For the study, researchers matched the instructions for the usage of the inhaler based on national guidelines. 

Researchers came to a consensus that five of the instructions were critical steps for the delivery of the medication.

According to Healthday the instructions were, "shaking the inhaler before use; forming a seal between the device and the child's face; pressing down on an inhaler just once (single actuation); taking at least six slow and deep breaths before using another actuation, and waiting at least 30 seconds after the six breaths before doing the second actuation."

Researchers gathered 169 New York City families for the study.Children between the ages of 2 and 9 participated. Of the participants many had continuous asthma, asthma hospitalizations, an emergency room visit or a primary care visit within the past year.

"Three-quarters were Hispanic, and 23 percent were black," reported Healthday. "Most of the study questions were answered by the mothers of the children (95 percent), and the average age of the child's caregiver was 32."

Researchers asked the parents to give a demonstration on how to use the medication by utilizing a stuffed toy. 

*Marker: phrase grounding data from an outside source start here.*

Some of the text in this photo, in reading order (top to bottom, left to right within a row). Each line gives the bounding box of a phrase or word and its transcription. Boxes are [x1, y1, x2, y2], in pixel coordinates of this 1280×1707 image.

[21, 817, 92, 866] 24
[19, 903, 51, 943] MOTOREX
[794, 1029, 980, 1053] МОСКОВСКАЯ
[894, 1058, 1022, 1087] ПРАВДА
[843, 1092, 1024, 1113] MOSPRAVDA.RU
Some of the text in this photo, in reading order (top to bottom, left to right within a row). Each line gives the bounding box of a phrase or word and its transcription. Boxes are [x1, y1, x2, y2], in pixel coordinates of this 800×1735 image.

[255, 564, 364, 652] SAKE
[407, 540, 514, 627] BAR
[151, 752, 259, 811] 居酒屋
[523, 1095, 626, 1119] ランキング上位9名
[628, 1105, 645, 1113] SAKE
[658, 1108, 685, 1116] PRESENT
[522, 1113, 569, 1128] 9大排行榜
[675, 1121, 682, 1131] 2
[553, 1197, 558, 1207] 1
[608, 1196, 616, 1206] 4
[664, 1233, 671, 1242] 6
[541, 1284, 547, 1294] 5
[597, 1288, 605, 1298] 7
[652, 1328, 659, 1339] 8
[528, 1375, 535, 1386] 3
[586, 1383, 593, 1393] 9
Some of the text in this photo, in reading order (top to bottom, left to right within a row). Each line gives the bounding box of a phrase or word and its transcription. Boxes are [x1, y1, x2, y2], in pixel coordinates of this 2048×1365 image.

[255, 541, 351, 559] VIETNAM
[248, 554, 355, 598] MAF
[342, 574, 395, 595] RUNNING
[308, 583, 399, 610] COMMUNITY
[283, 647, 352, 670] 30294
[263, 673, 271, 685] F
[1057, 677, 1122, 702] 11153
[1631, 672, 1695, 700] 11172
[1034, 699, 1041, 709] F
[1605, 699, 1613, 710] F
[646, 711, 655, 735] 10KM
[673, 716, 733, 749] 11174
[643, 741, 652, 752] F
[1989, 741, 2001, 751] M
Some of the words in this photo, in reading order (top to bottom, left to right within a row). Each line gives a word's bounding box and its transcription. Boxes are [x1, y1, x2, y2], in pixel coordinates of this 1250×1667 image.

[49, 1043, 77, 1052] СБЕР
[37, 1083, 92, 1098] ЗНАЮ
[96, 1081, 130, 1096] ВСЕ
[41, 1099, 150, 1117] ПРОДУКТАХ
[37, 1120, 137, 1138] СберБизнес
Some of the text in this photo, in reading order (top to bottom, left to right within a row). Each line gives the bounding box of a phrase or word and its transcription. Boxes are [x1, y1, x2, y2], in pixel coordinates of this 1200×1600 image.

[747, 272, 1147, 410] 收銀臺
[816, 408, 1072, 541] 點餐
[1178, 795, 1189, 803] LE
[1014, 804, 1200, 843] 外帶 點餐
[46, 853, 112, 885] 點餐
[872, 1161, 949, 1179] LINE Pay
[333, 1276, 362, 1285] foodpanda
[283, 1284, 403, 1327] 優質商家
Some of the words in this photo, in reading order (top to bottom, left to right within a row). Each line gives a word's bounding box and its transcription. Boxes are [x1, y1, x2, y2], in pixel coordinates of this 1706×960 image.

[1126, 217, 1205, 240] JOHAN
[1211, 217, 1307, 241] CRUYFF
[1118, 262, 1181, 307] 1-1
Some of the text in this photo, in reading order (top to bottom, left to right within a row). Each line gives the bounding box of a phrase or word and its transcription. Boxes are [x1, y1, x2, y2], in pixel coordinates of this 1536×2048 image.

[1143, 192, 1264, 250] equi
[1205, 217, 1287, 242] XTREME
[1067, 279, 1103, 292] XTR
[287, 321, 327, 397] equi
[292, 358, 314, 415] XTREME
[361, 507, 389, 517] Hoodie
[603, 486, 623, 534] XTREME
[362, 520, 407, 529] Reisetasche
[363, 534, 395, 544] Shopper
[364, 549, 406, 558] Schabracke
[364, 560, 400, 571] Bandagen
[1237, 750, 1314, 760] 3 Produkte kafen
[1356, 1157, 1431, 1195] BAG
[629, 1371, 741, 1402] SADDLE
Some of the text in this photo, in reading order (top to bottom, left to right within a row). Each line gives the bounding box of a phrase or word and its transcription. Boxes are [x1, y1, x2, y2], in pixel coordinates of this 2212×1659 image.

Researchers found that only one person was able to accurately show all of the 10 steps and six parents were able to show the five important steps.

"A lot of physicians will hand patients prescriptions for nasal sprays and asthma inhalers and not teach them how to use them," said Dr. Jennifer Appleyard, chief of allergy and immunology at St. John Hospital and Medical Center in Detroit.

Researchers also found that the step where most of the parents did not follow through was having the child take six slow deep breaths and waiting at least 30 seconds after the breathes in order to actually give the second dose of the medication. 

"Make sure you know how to use these devices properly. It has a huge effect," said Appleyard. "If you don't know how to use them, you'll end up with more medications than you need and maybe even hospitalizations."